From the logs, what seems to happen is this at Endpoint A:

  • Endpoint A quits
  • Endpoint A deletes all changes
  • Endpoint A saves the large document.
  • From the db/sync logs, it looks like the changes sync, then the sync manager gets a stop message, but it still starts to sync the large doc. I’m not sure.

then at Endpoint B

  • Endpoint B is notified of the changes disappearing.
  • Endpoint B gets a notification that the document changed. When it loads the full document… the only thing there is an old version. So it thinks that Endpoint A saved an old version and winds its changes back.

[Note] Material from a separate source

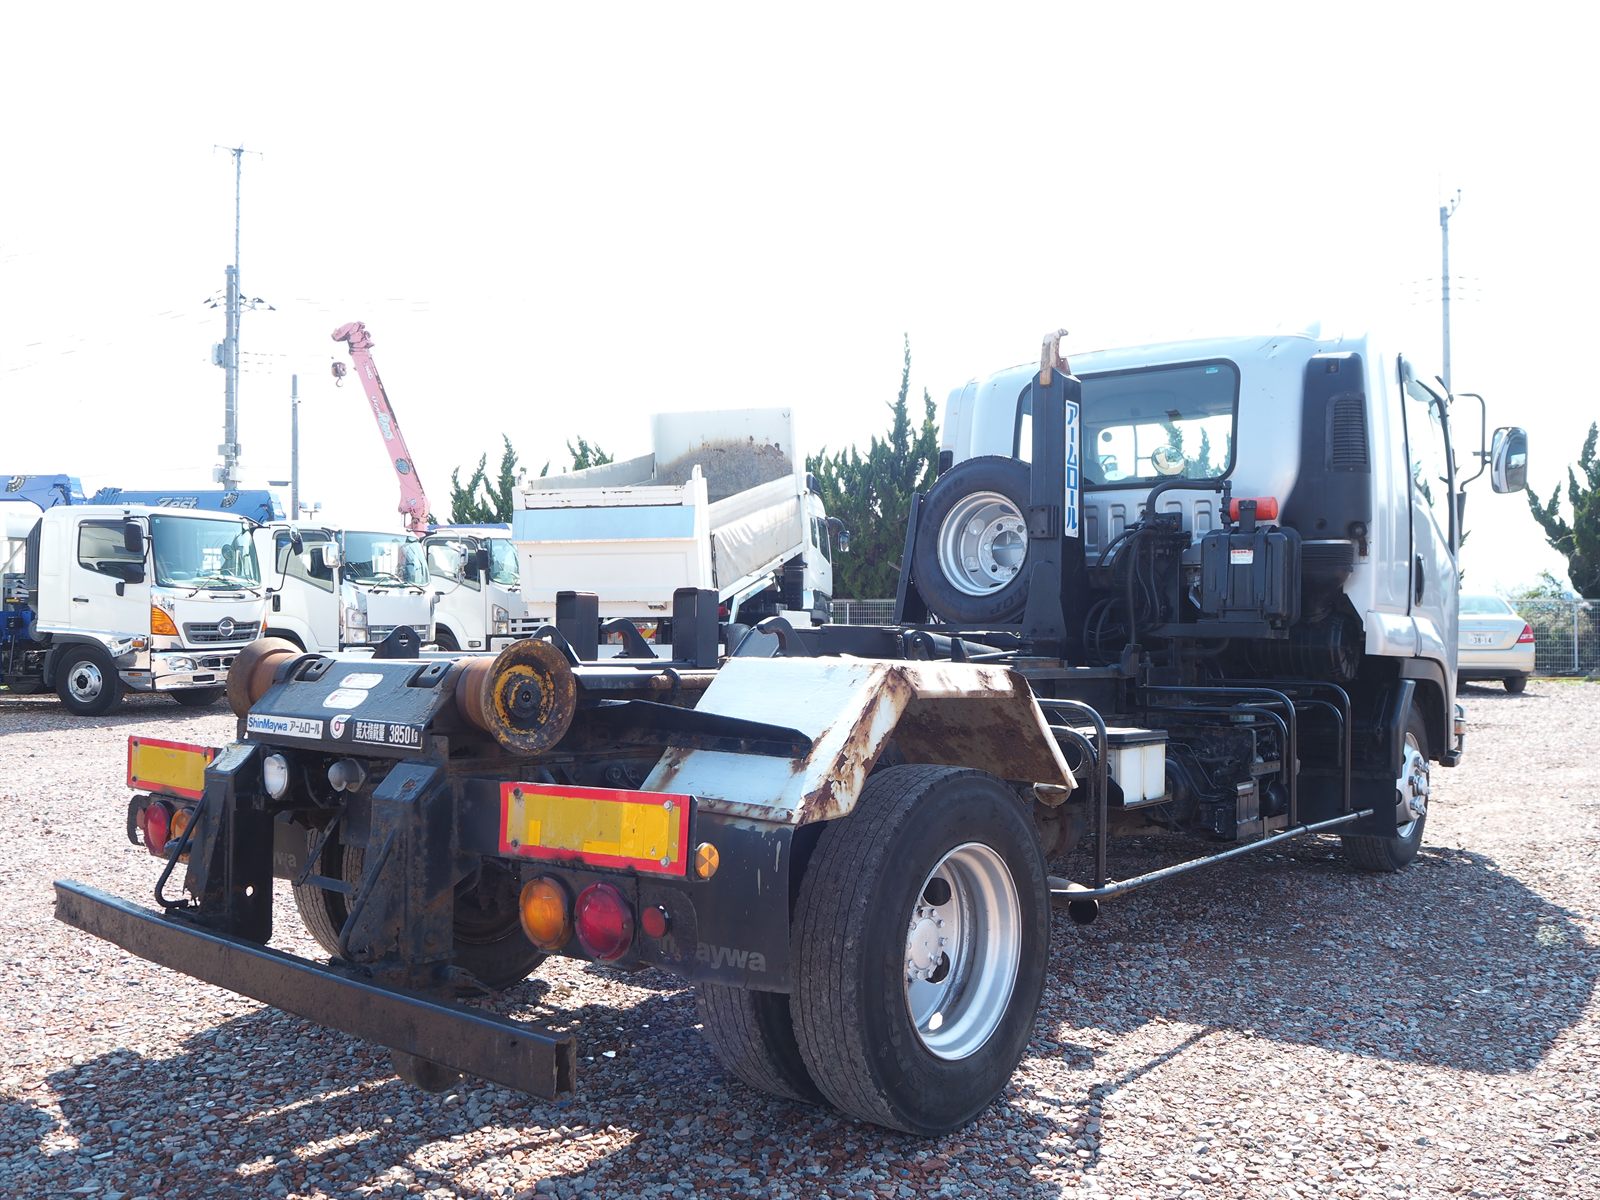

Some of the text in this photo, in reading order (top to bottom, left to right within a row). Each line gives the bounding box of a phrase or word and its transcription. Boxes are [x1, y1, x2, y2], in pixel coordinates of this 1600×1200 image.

Perhaps my code should handle this case better (delete your changes, save old version). Fortunately, I’ve found 3 workarounds for now:

  • when the app quits, and after the final save, wait a few seconds. The app has already moved to the background, so the user doesn’t notice. This works for smaller documents, but not really large documents.
  • shut syncing off before doing the last save. Remote endpoints will miss the last changes, but that’s ok, and they catch up the next time the app starts, and this is all a rare occurrence.
  • perform the “delete changes” and “save document” in a Batch/Transaction. This seems to cause them to sync together. I haven’t tested with really large documents yet.

So I’ve implemented the last two approaches together, and the problem seems to go away.

Great that you found a way that works. If you still can reproduce it with logs or a reproduction case that would be ideal in case there is an actual underlying issue, but if not then that’s fine too.

This topic was automatically closed 90 days after the last reply. New replies are no longer allowed.